第12話 神対応

落ち着け、こういう時こそ深呼吸だ。

しっかり手を使って深呼吸をする。

ラジオ体操版ってやつだな。

大丈夫、俺はこの状況を切り抜けてみせる!


まずは田中くんにポケットティッシュを渡す。

このままだと教室の床が大変なことになりそうだからな。

しかし、田中くんは意識が無いようで白目を剥いて固まっている。

とりあえず俺はティッシュをねじって鼻の両穴に突っ込む。

ふぅ、完璧だな。


次に対処するのは目の前のビッチこと鷺沼だ。

出来る男は女に恥はかかせない。

まずは会話、そうコミュニケーションだ。

会話は基本的に相手の意見を否定すると拗れる。

だから『会話のさしすせそ』を用いる。


『さ』は『先に失礼します』

『し』は『しらす要りますか?』

『す』は『スカート捲れてますよ』

『せ』は『背中がガラ空きですよ?』

『そ』は『それはどうかな?』


あれ?なんか違うような?

まぁいいや。


「ねぇ拓也くん。
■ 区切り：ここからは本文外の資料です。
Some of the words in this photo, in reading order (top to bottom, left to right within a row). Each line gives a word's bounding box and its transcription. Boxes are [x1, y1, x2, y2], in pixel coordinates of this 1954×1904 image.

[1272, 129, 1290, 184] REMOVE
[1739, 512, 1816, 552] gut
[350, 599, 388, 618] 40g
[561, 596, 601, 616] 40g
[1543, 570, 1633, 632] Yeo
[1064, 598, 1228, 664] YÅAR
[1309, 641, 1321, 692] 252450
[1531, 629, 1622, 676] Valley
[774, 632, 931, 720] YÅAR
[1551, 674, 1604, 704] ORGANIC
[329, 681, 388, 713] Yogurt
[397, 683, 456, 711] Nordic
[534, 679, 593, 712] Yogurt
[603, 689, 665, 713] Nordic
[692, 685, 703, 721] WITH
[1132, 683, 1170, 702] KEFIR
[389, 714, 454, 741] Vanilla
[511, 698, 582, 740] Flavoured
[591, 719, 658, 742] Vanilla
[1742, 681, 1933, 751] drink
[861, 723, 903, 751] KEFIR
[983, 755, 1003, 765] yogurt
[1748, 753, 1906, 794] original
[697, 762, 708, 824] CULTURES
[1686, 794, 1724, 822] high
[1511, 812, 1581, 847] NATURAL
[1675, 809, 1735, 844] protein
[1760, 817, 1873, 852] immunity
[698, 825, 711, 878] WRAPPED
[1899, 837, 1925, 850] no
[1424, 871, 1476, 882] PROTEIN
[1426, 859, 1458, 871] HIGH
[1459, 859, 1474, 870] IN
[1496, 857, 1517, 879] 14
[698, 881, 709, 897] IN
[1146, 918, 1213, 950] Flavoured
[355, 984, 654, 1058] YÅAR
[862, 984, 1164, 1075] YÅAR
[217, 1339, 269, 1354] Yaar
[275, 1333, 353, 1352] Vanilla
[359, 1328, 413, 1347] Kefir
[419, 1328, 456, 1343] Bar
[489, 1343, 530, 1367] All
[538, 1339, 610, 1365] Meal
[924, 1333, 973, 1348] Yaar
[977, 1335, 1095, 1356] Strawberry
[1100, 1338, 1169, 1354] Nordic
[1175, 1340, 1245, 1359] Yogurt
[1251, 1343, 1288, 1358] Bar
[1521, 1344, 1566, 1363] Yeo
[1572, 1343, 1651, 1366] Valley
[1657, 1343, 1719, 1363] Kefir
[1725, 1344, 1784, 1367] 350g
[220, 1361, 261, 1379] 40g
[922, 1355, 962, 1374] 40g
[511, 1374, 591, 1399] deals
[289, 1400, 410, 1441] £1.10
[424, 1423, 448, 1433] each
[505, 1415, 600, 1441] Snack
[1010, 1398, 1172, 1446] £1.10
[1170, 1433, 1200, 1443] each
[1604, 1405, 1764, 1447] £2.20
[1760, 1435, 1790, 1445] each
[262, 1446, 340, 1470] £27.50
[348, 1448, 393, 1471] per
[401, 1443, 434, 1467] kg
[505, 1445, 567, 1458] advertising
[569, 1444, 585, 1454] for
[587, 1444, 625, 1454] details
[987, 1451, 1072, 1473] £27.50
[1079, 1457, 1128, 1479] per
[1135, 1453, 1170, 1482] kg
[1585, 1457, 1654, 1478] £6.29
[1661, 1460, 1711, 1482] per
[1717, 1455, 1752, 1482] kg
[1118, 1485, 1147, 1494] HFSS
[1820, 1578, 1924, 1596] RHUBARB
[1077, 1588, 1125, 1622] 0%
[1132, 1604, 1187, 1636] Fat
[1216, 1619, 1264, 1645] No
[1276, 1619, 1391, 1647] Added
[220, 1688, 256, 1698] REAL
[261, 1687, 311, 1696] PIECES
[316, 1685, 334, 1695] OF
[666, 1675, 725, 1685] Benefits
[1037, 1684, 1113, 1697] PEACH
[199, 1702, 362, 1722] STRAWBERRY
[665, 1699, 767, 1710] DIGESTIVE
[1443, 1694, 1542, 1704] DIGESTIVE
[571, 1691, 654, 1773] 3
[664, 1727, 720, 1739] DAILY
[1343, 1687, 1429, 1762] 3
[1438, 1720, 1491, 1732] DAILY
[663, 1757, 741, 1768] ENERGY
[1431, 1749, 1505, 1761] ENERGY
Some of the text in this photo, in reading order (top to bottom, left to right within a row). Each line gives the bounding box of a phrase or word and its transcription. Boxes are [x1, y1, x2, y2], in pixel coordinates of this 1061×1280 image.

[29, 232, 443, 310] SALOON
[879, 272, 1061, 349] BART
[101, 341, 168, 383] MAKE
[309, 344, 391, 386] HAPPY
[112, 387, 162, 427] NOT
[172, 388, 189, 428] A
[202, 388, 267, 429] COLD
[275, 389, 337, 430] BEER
一緒にご飯はダメなの?」


「先に失礼します」


「ちょ!ちょっと!それは酷くない?」


「しらす要りますか?」


「いやいらないよ!?いきなりどういうこと!?」


「スカート捲れてますよ」


「ひゃんっ!見ないでっ!」


そう言って鷺沼は俺に背を向けた。

完璧すぎて涙出てきたわ。

俺は背中に触れて囁く。


「背中がガラ空きですよ?」


「ひんっ!っちょ!それは反則だよ!」


「それはどうかな?」


「それはどうかなじゃないよ!はぁ、疲れた……。また来るから……」


ふぅ、マニュアル通り完璧に対応できたな。

マクド○ルドの店員もびっくりの神対応だったと思う。

そしてとりあえず会話のさしすせそ、これは完璧だということが証明されたわけだ。

俺は充実感に浸っていた。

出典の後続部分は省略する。